C.O. Work

IT WAS LEARNED last week that the Harvard Personnel Office has refused the request of David Kelston, a Public Health School research assistant, that it "supervise" his work at Harvard as partial fulfillment of his alternate obligation as a I-O conscientious objector.

The Personnel Office offers two rationales for its decision. The director of personnel, John W. Teele, cited first a 25-year-old rule-the University could not request "deferments" for its employees because an individual's status is "between him and his board."

Accepting a conscientious objector as an employee, however, is not a request for his deferment. Kelston has held I-O status since 1967, before he came to Harvard. Winning that classification did not depend on the availability of work at Harvard. Kelston holds his deferment on the merit of his convictions, and only asks, with his draft board's approval, that Harvard allow him to fulfill the deferment's terms in its employ.
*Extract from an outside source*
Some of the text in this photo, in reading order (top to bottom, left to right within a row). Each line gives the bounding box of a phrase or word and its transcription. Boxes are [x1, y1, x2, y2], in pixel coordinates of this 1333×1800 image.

The associate director of personnel, John B. Butler, later stated that Harvard could not act as supervising employer for a C.O. because it would violate the confidentiality of the employee's record. Although Harvard would, if the employee requested it, provide any information to a draft board, it could not promise in advance to sign the Selective Service forms necessary to certify his alternate service.
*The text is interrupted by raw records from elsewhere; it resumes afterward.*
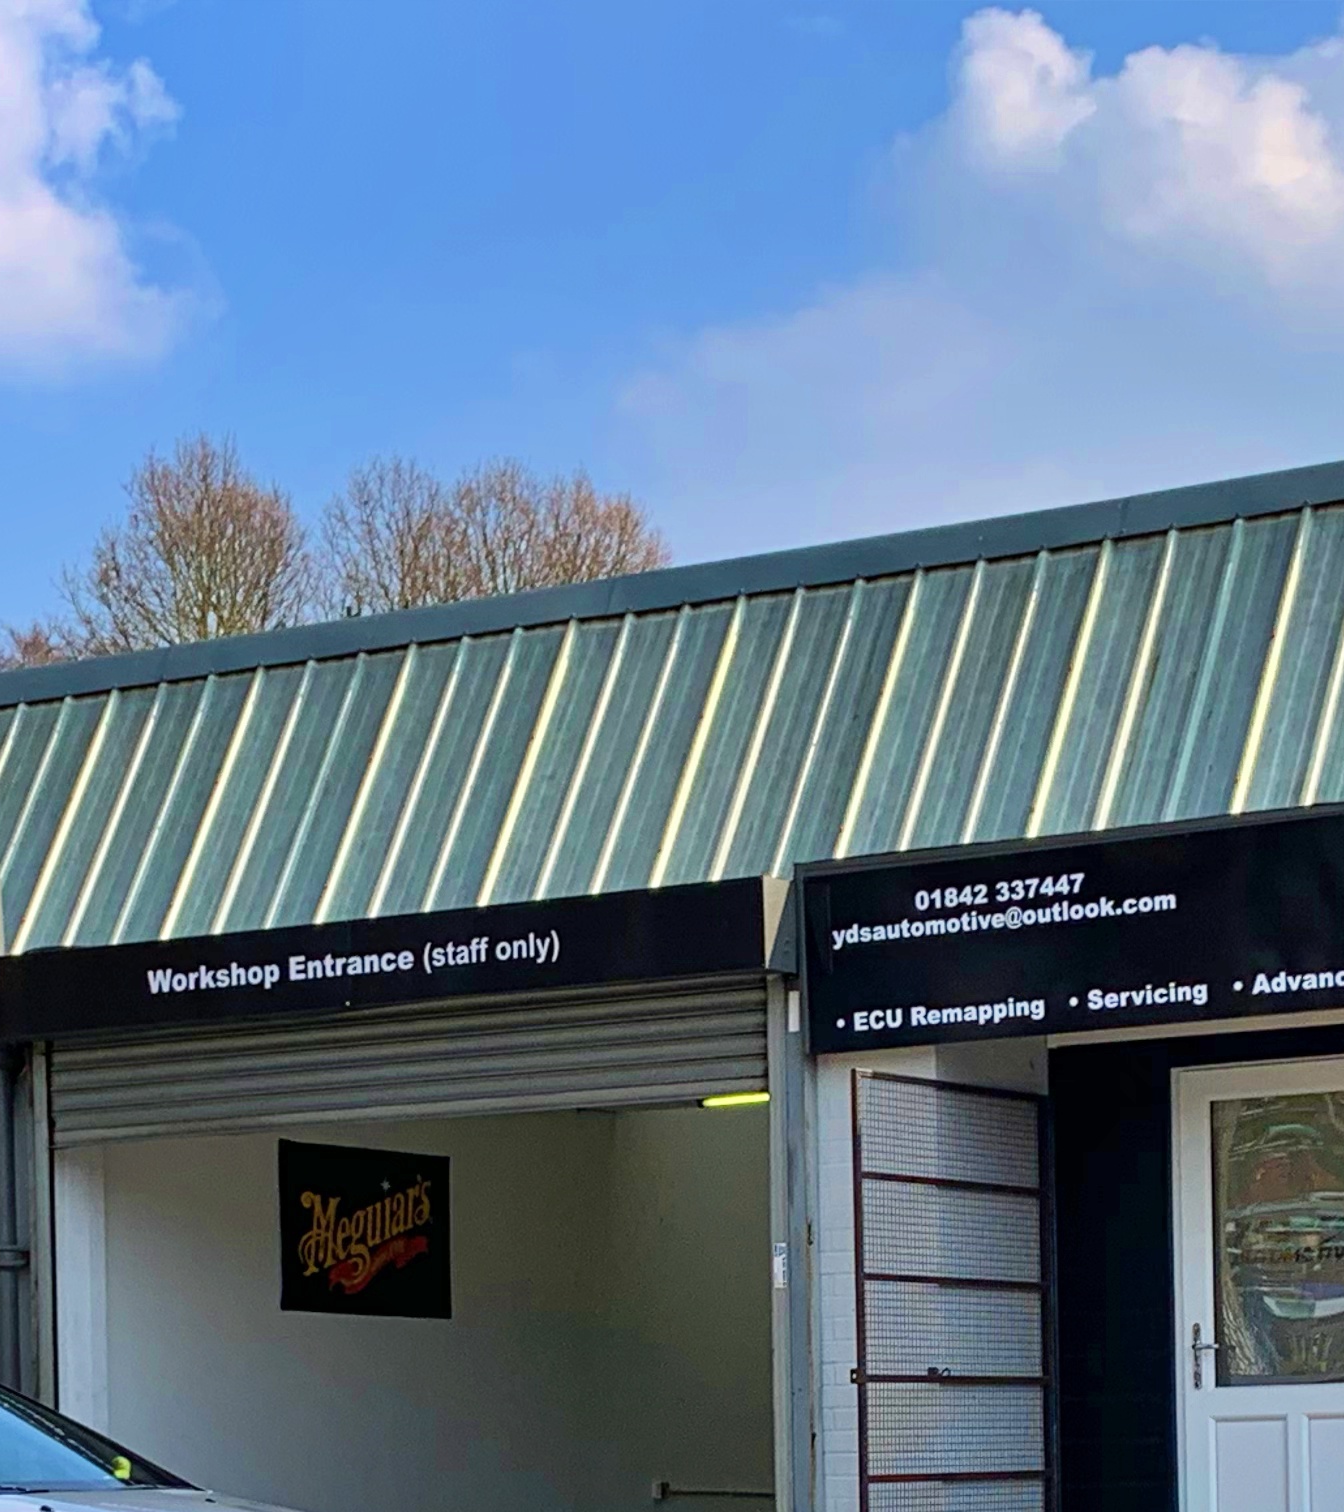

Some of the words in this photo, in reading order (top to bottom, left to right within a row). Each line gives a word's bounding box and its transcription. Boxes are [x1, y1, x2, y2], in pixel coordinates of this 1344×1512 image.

[831, 890, 1177, 951] ydsautomotive@outlook.com
[914, 883, 989, 911] 01842
[995, 872, 1086, 901] 337447
[147, 961, 280, 995] Workshop
[288, 949, 415, 981] Entrance
[423, 936, 489, 974] (staff
[495, 929, 560, 964] only)
[853, 1007, 903, 1032] ECU
[910, 997, 1046, 1027] Remapping
[1087, 981, 1208, 1010] Servicing
[298, 1174, 431, 1286] Meguiar's
Preserving the privacy of a student or employee's record is indeed important, but invoking it as the reason for refusing Kelston's request is tenuous. Harvard provides undergraduate males with certification of enrollment so that they can retain their II-S status. There is no reason that it should not extend equal cooperation to holders of I-O status.


Harvard may fear that employing C.O.'s would be a "political" act. But it is difficult to see how the filing of legally required forms could reflect on the University's policy toward the draft, the Vietnam war, or even conscientious objection.

Mr. Butler stated that responsibility for the ruling rested with the Personnel Office. The University should take the necessary steps to overrule Personnel policy and make it known, publicly and to state Selective Service directors, that Harvard is willing to serve as an alternate service employer. To do less would discriminate against people who are fulfilling their service obligation in as legal and legitimate a way as, say ROTC candidates.